◆ **Supplied information**:
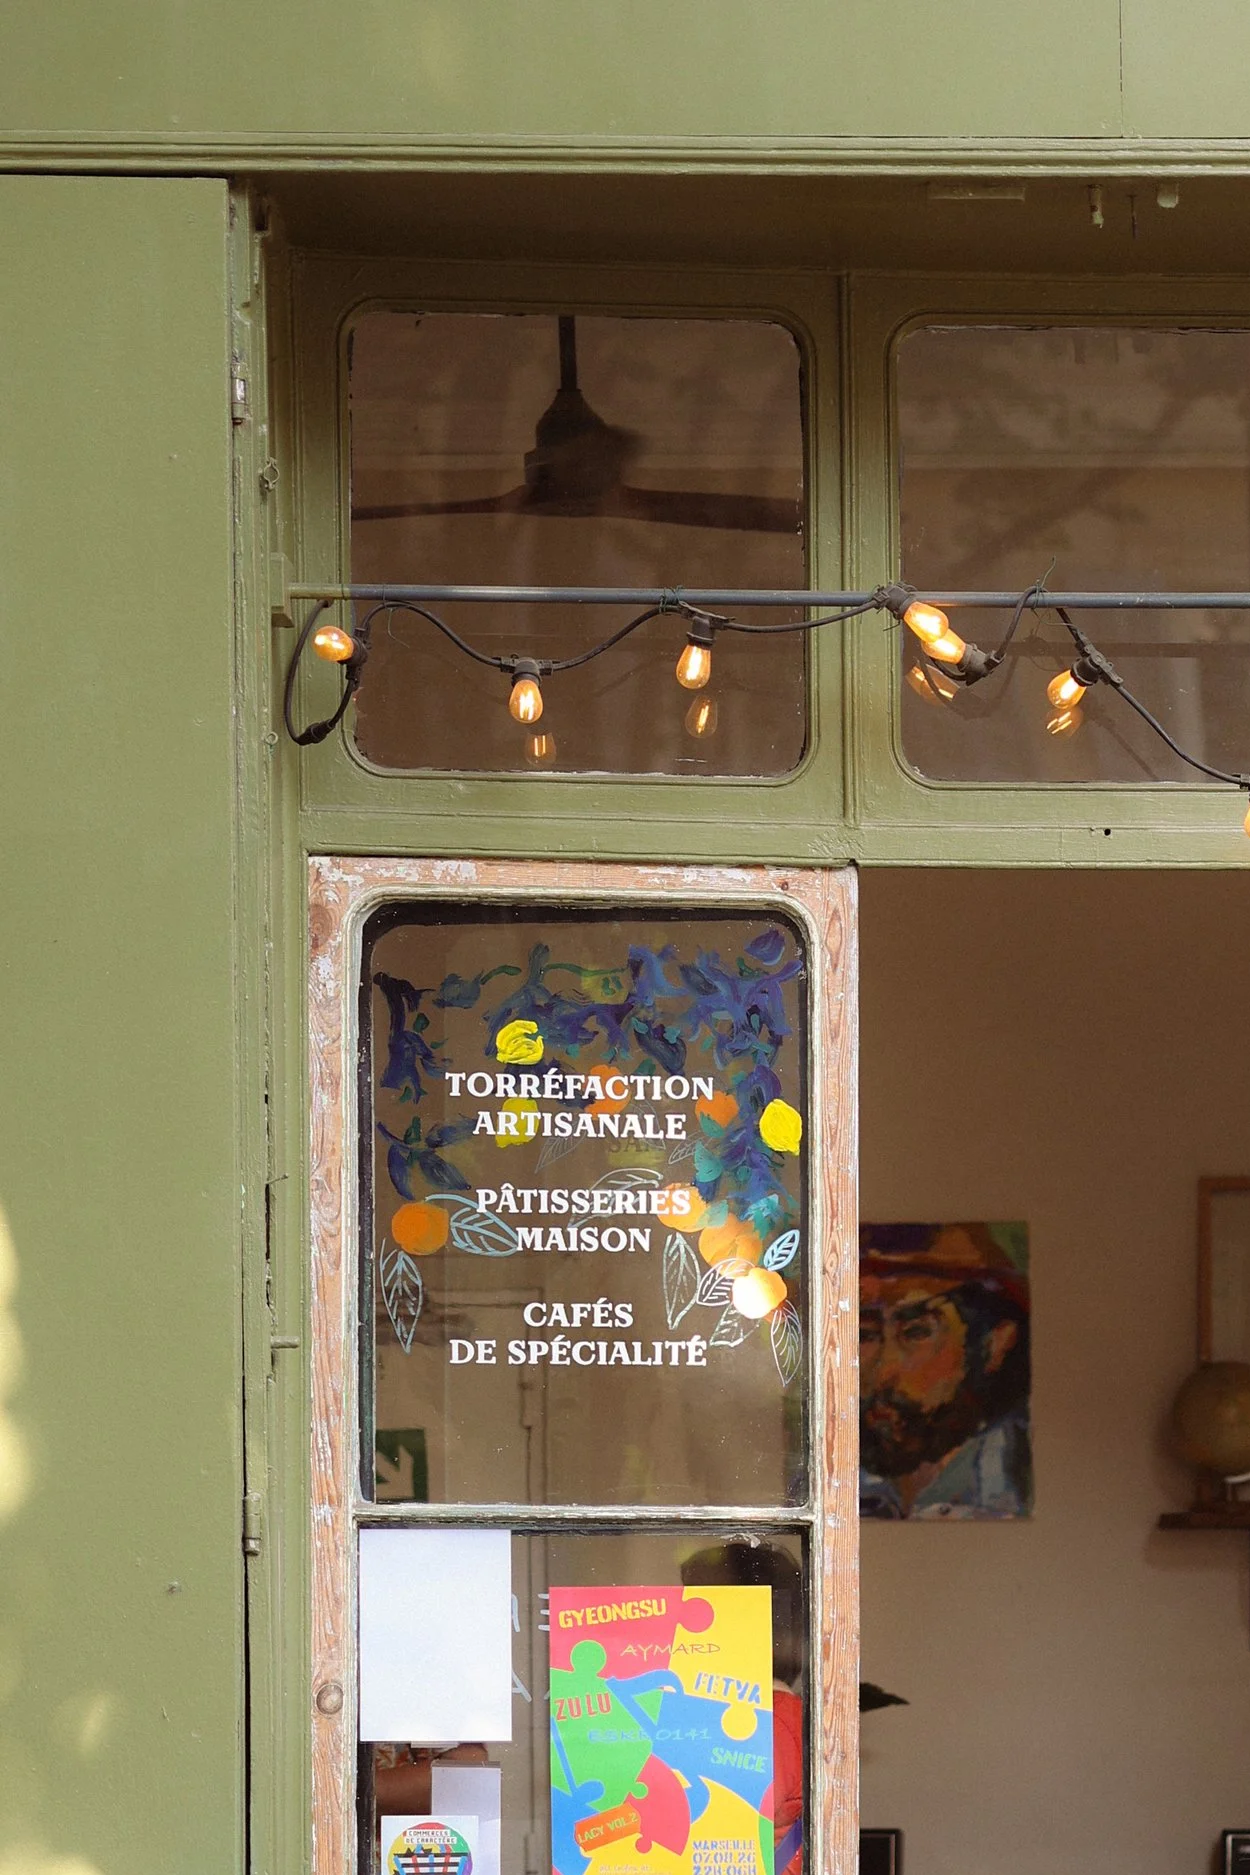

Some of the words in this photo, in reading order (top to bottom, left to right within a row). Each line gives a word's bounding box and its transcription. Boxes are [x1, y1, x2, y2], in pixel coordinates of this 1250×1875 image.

[445, 1067, 714, 1100] TORRÉFACTION
[472, 1111, 687, 1140] ARTISANALE
[476, 1182, 691, 1215] PÂTISSERIES
[516, 1227, 651, 1252] MAISON
[523, 1297, 634, 1328] CAFÉS
[449, 1339, 497, 1364] DE
[508, 1334, 707, 1367] SPÉCIALITÉ
[558, 1598, 667, 1629] GYEONGSU
[620, 1643, 721, 1662] AYMARD
[710, 1747, 769, 1774] SNICE
[693, 1840, 755, 1850] MARSEILLE
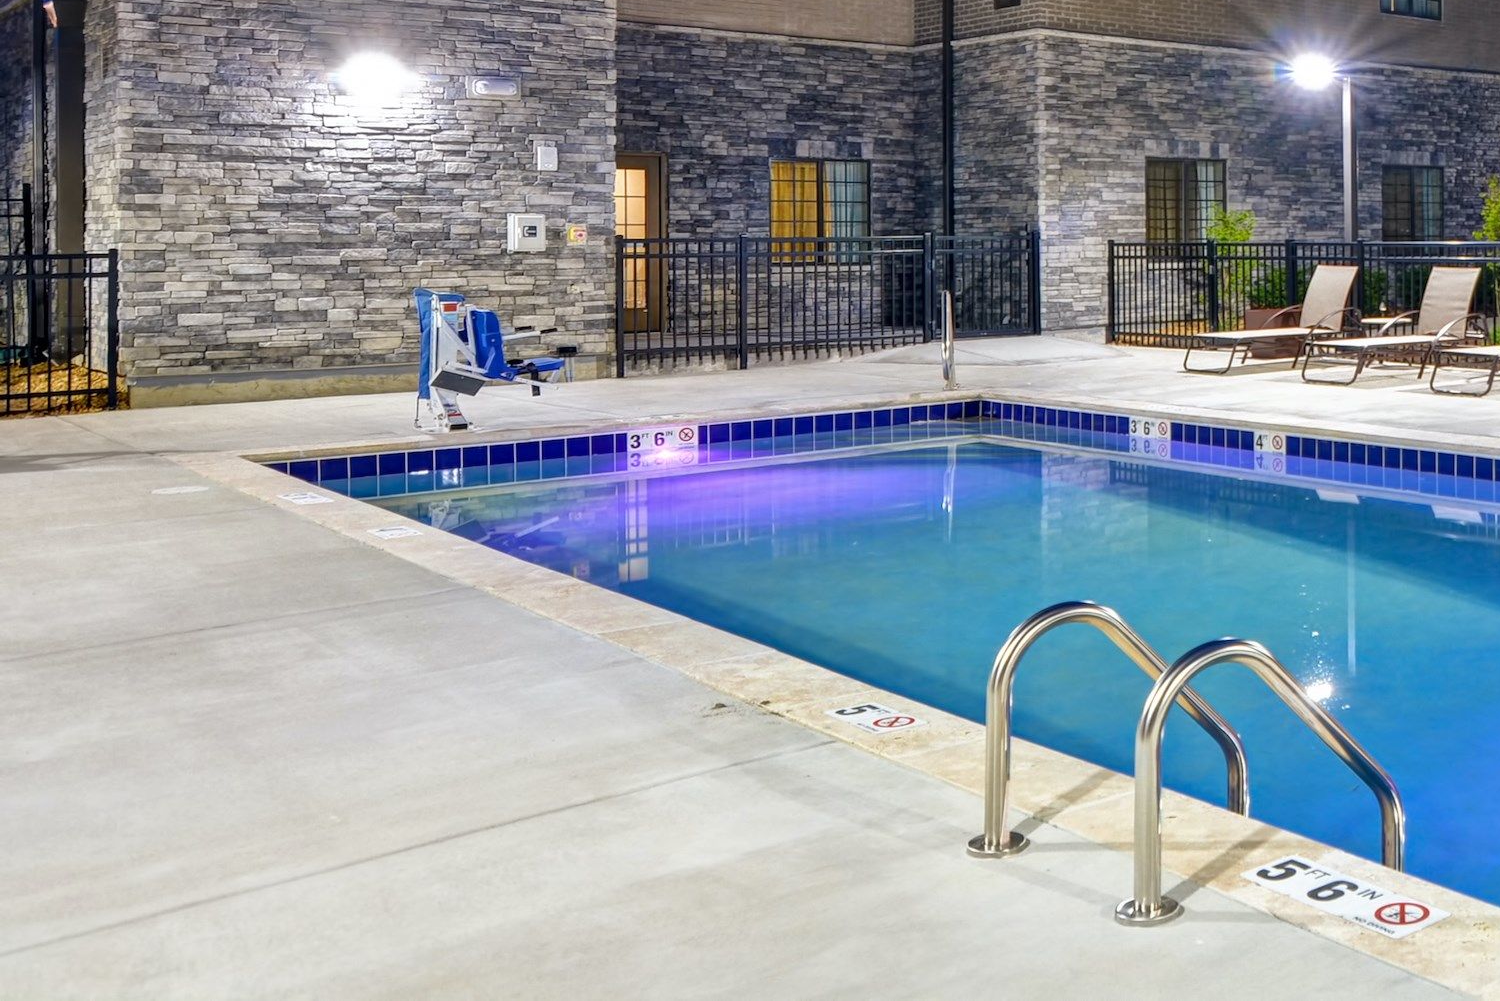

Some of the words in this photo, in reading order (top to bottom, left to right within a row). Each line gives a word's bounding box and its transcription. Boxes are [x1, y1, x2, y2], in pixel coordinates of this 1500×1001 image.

[1131, 420, 1137, 433] 3
[1143, 421, 1150, 435] 6
[630, 435, 641, 449] 3
[654, 432, 665, 447] 6
[1256, 434, 1263, 450] 4
[835, 704, 880, 716] 5
[1256, 859, 1311, 881] 5
[1304, 869, 1332, 880] FT
[1306, 880, 1359, 902] 6
[1358, 888, 1384, 900] IN
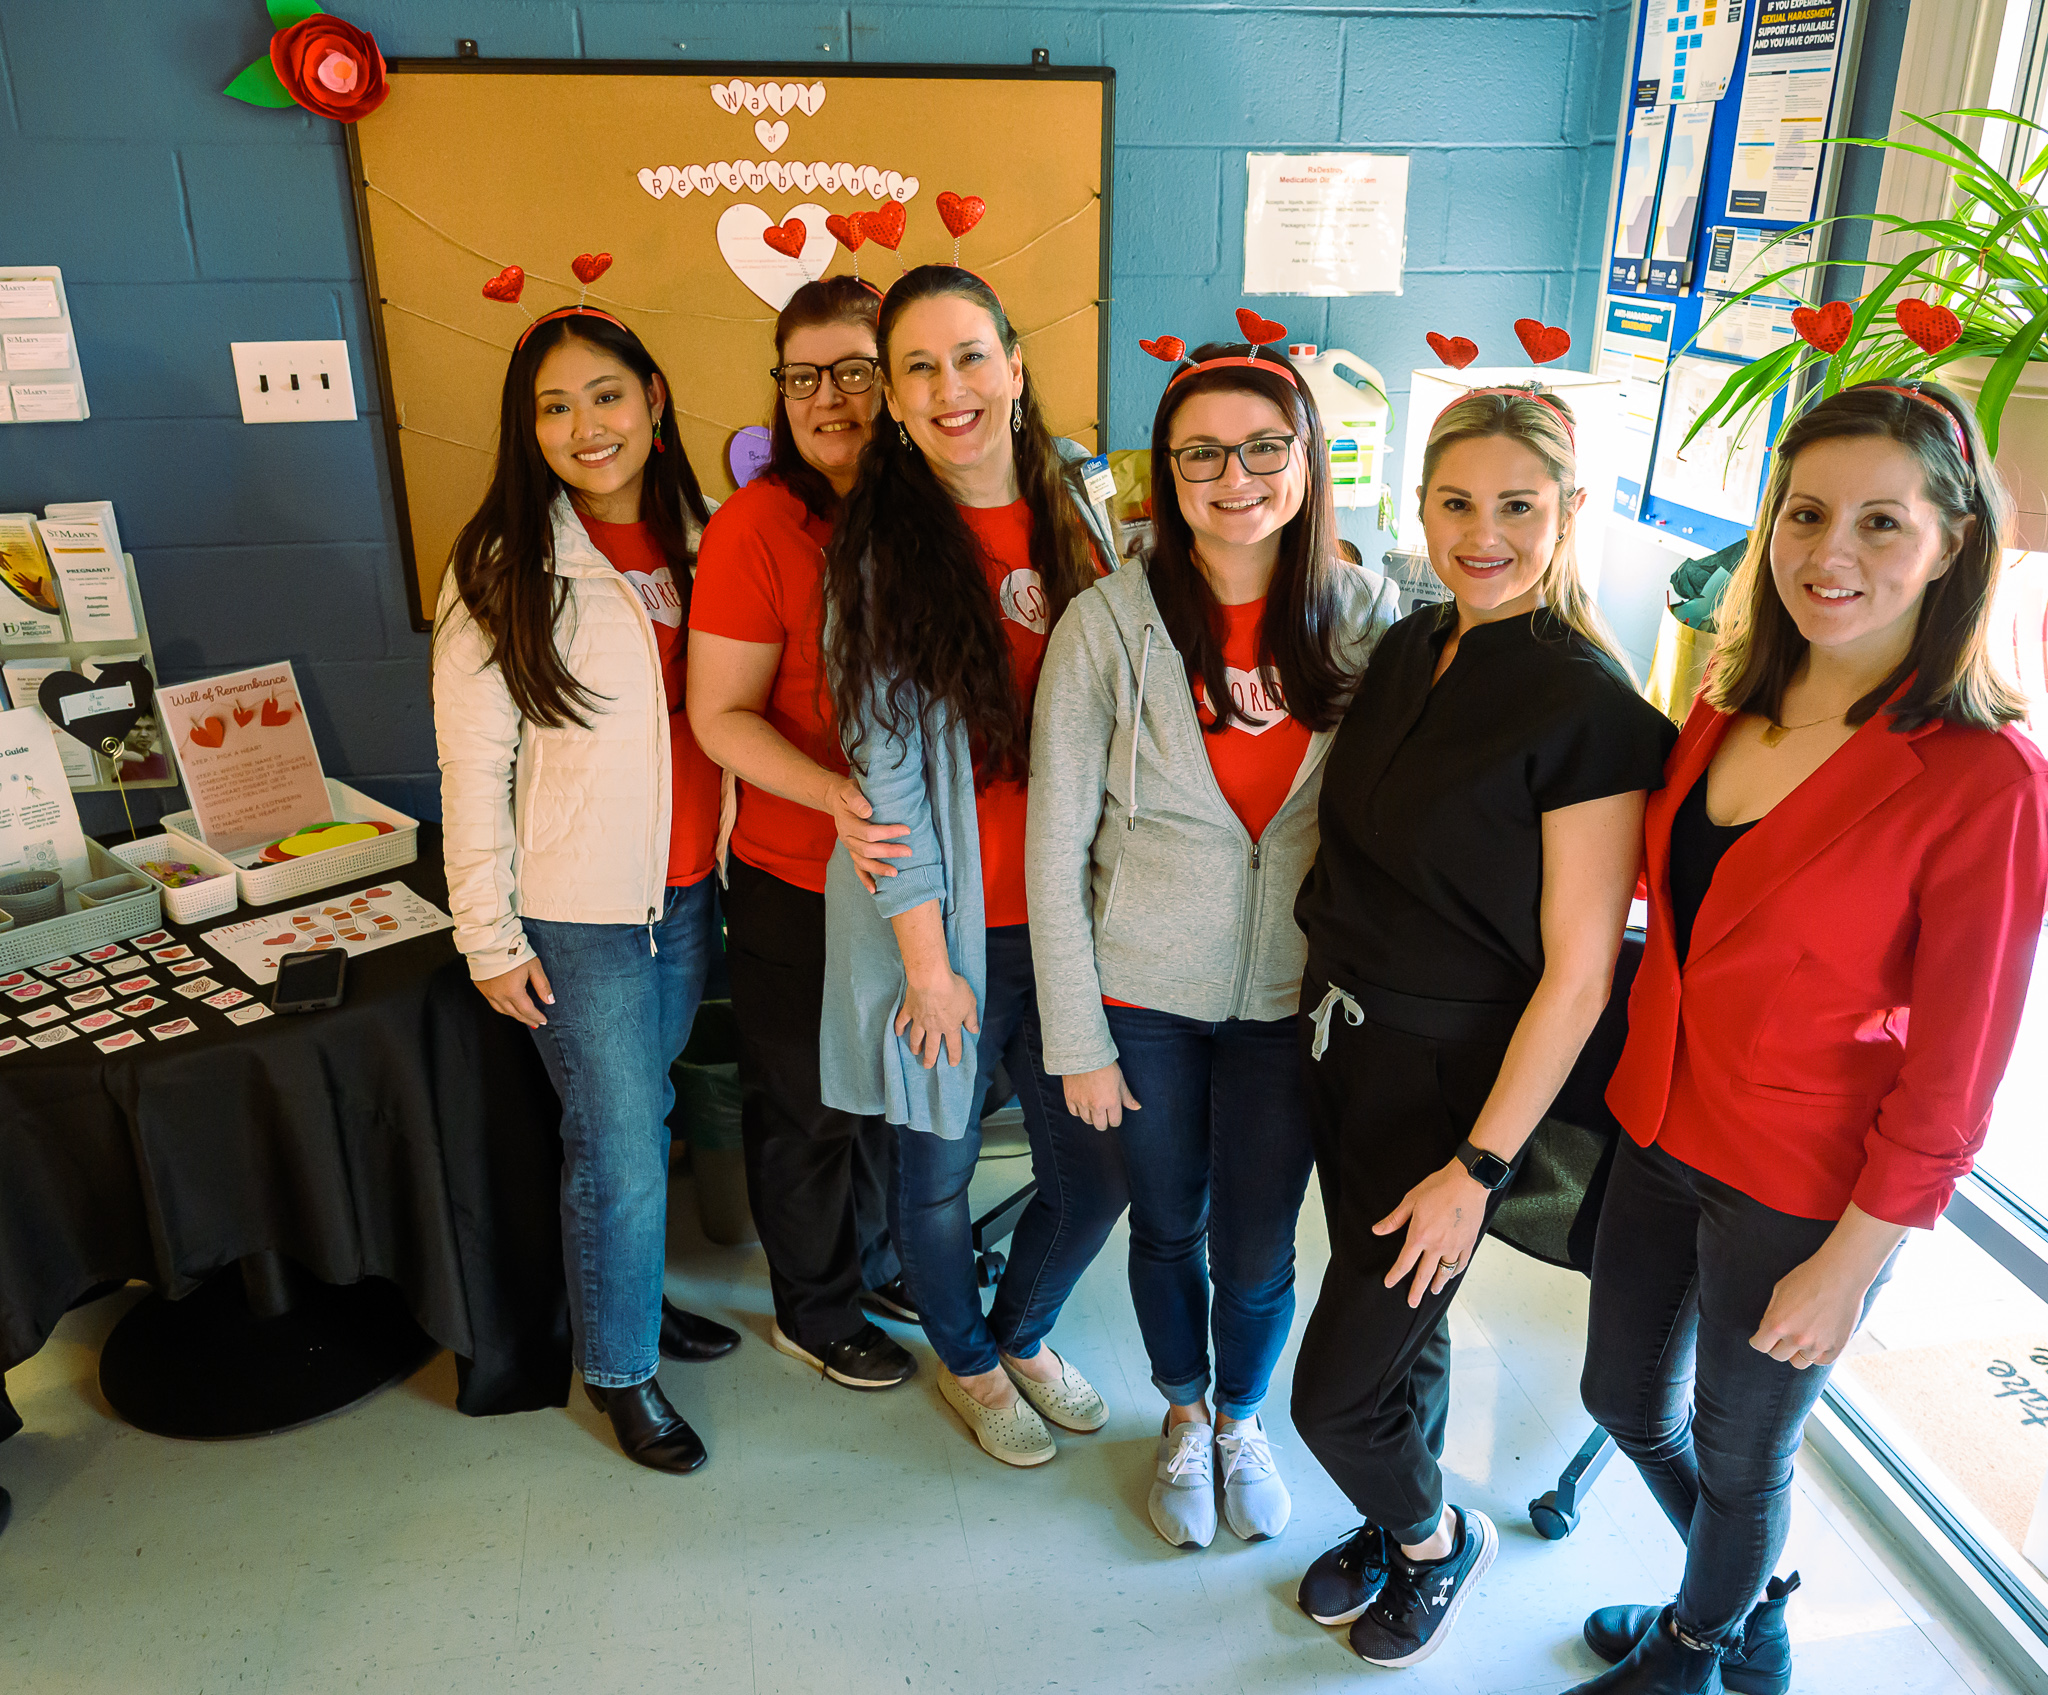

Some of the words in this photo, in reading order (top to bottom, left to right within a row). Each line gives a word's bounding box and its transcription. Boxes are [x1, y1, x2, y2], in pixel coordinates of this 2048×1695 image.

[1761, 12, 1786, 24] SEXUAL
[1788, 7, 1835, 22] HARASSMENT,
[1767, 2, 1774, 12] IF
[1776, 0, 1790, 10] YOU
[1758, 24, 1789, 37] SUPPORT
[1789, 24, 1796, 34] IS
[1796, 20, 1835, 33] AVAILABLE
[1754, 39, 1770, 49] AND
[1770, 38, 1784, 48] YOU
[1784, 36, 1804, 46] HAVE
[1804, 33, 1835, 45] OPTIONS
[722, 91, 811, 113] Wall
[767, 133, 776, 144] of
[652, 168, 905, 198] Remembrance
[655, 582, 681, 608] RE
[1013, 585, 1046, 623] GO
[170, 691, 200, 706] Wall
[202, 688, 214, 702] of
[214, 676, 287, 697] Remembrance
[5, 746, 29, 757] Guide
[192, 758, 208, 766] STEP
[216, 752, 232, 760] PICK
[240, 744, 262, 754] HEART
[196, 772, 212, 780] STEP
[254, 757, 272, 765] NAME
[206, 783, 227, 792] HEART
[291, 760, 313, 771] BATTLE
[219, 787, 241, 796] HEART
[208, 814, 225, 823] STEP
[234, 806, 254, 816] GRAB
[222, 817, 242, 827] HANG
[258, 807, 280, 817] HEART

◆ **Task**: Look for the line with "this 2048×1695 image." in the records above. Repeat it and each line after it exactly.

◆ **Reply to the task**:
Some of the words in this photo, in reading order (top to bottom, left to right within a row). Each line gives a word's bounding box and its transcription. Boxes are [x1, y1, x2, y2], in pixel coordinates of this 2048×1695 image.

[1761, 12, 1786, 24] SEXUAL
[1788, 7, 1835, 22] HARASSMENT,
[1767, 2, 1774, 12] IF
[1776, 0, 1790, 10] YOU
[1758, 24, 1789, 37] SUPPORT
[1789, 24, 1796, 34] IS
[1796, 20, 1835, 33] AVAILABLE
[1754, 39, 1770, 49] AND
[1770, 38, 1784, 48] YOU
[1784, 36, 1804, 46] HAVE
[1804, 33, 1835, 45] OPTIONS
[722, 91, 811, 113] Wall
[767, 133, 776, 144] of
[652, 168, 905, 198] Remembrance
[655, 582, 681, 608] RE
[1013, 585, 1046, 623] GO
[170, 691, 200, 706] Wall
[202, 688, 214, 702] of
[214, 676, 287, 697] Remembrance
[5, 746, 29, 757] Guide
[192, 758, 208, 766] STEP
[216, 752, 232, 760] PICK
[240, 744, 262, 754] HEART
[196, 772, 212, 780] STEP
[254, 757, 272, 765] NAME
[206, 783, 227, 792] HEART
[291, 760, 313, 771] BATTLE
[219, 787, 241, 796] HEART
[208, 814, 225, 823] STEP
[234, 806, 254, 816] GRAB
[222, 817, 242, 827] HANG
[258, 807, 280, 817] HEART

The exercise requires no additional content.